Table with columns: Task set, Base pass rate, LoRA SFT pass rate, Delta, Notes| Task set | Base pass rate | LoRA SFT pass rate | Delta | Notes |
|---|
| Held-in 5 smoke | 1/5 = 20.00% | 2/5 = 40.00% | +20.00 pp | First serving/eval smoke |
| Held-in 20 | 11/20 = 55.00% | 13/20 = 65.00% | +10.00 pp |
Evaluation artifact prefixes:
- Held-in 5 smoke:
benchflow/env0-experiment-trajectories/experiments/general-agent/general-agent-qwen35-eval-smoke4096-20260624T152150Z
- Held-in 20 comparison:
benchflow/env0-experiment-trajectories/experiments/general-agent/general-agent-qwen35-eval-heldin20-compare-20260624
- Held-in 36 comparison:
benchflow/env0-experiment-trajectories/experiments/general-agent/general-agent-qwen35-eval-heldin36-compare-20260624
- Held-in 50 final 14-task run:
benchflow/env0-experiment-trajectories/experiments/general-agent/general-agent-qwen35-eval-heldin50-gap-20260624T190517Z
Loading
from peft import PeftModel
from transformers import AutoModelForCausalLM, AutoTokenizer
base = AutoModelForCausalLM.from_pretrained(
"Qwen/Qwen3.5-9B",
torch_dtype="auto",
trust_remote_code=True,
)
model = PeftModel.from_pretrained(base, "benchflow/benchflow-qwen35-9b")

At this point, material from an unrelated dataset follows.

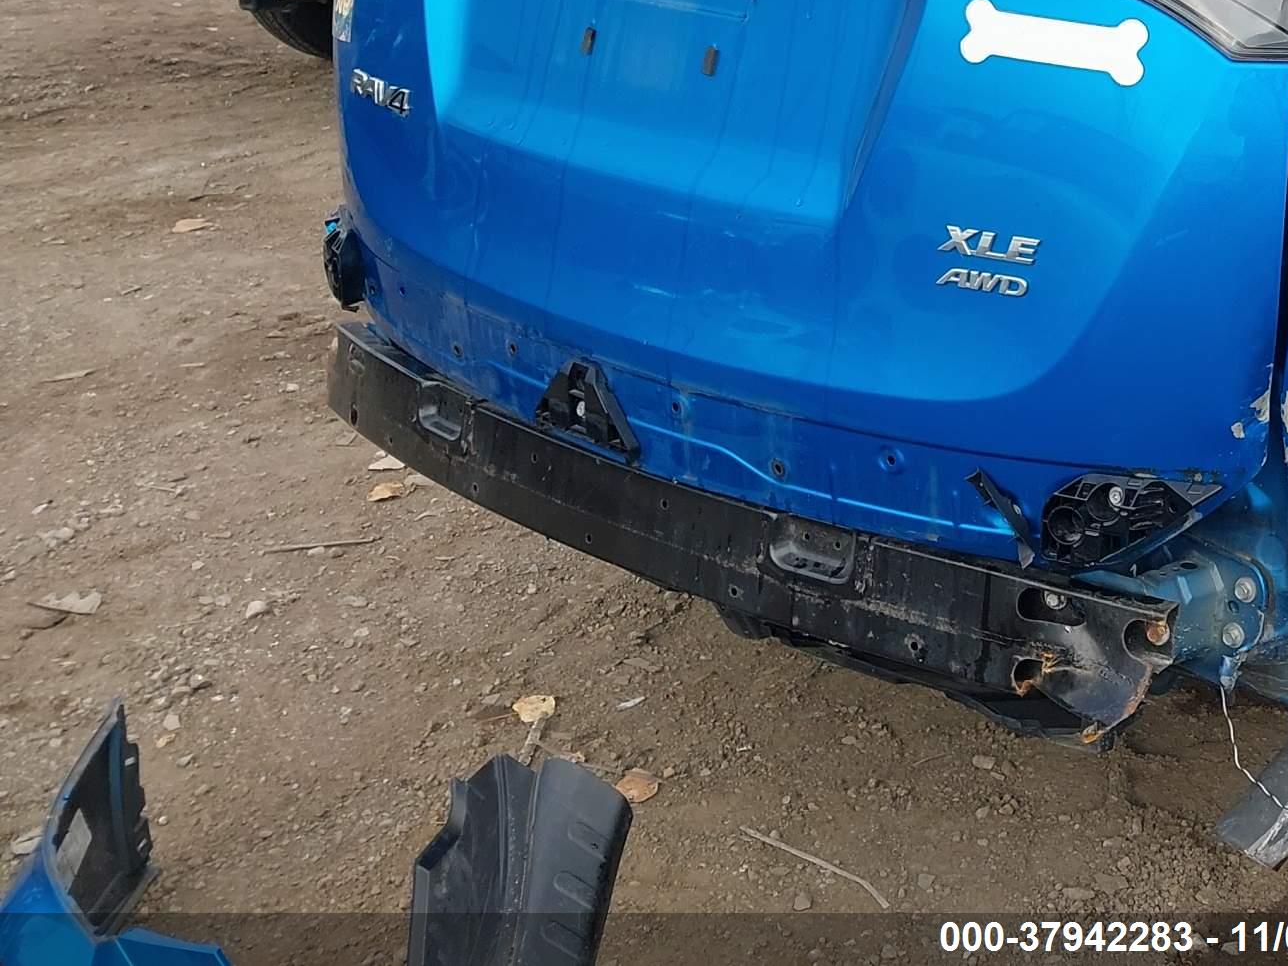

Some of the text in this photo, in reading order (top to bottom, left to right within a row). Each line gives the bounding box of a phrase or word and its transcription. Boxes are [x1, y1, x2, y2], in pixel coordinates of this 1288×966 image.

tokenizer = AutoTokenizer.from_pretrained("Qwen/Qwen3.5-9B", trust_remote_code=True)
Caveats
- This is an SFT-stage reproduction artifact, not the full Prime paper recipe with the original teacher and student model stack.

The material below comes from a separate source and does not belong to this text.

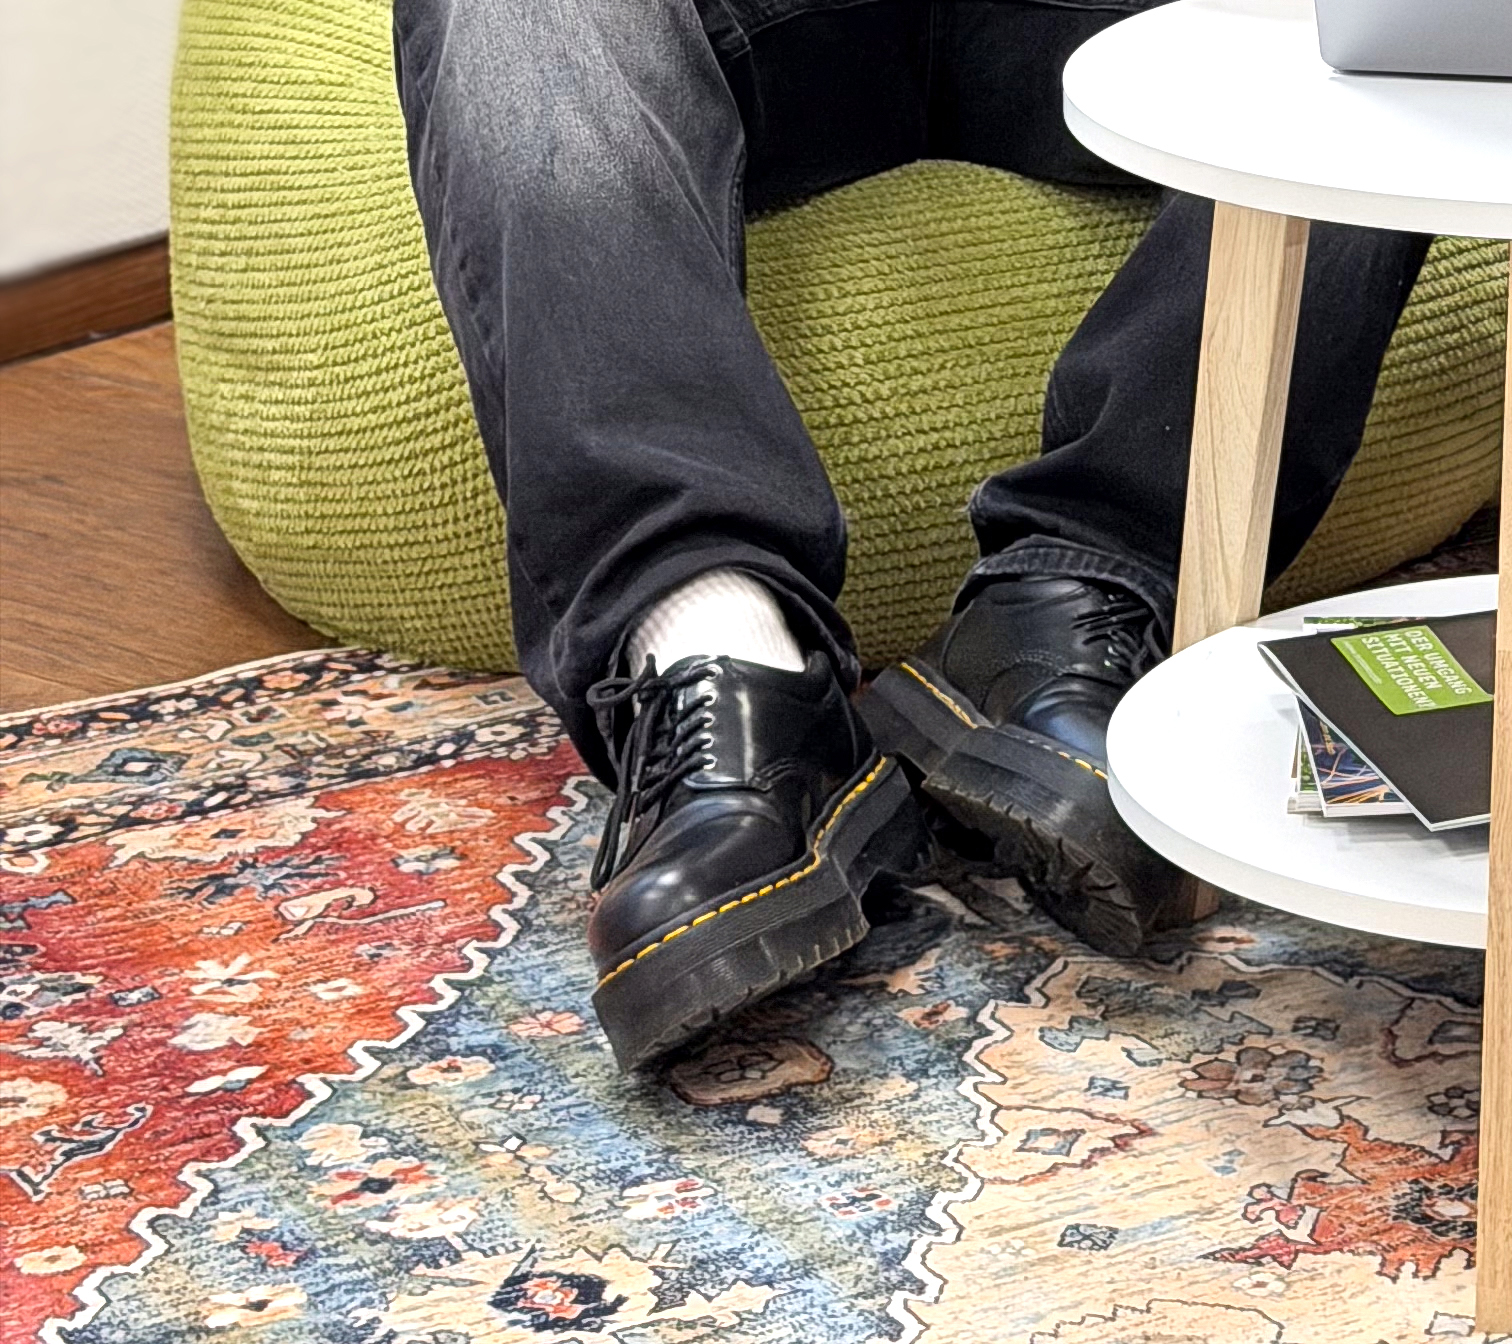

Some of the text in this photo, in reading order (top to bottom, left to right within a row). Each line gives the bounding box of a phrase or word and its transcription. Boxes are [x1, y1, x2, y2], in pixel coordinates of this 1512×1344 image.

[1383, 633, 1443, 690] MIT NEUEN
[1404, 629, 1472, 695] DER UMGANG

- The trainable dataset has
4414 rows rather than 4417 because three Azure teacher prompts were blocked by content filtering.
- The latest held-in50 assembled lift is positive but modest at
+6.00 pp; gains are concentrated in a small number of tasks rather than broad across-the-board recovery.
- The next QLoRA seq8192 experiment is excluded from
v0.0.1 and should receive its own update/tag only after it completes.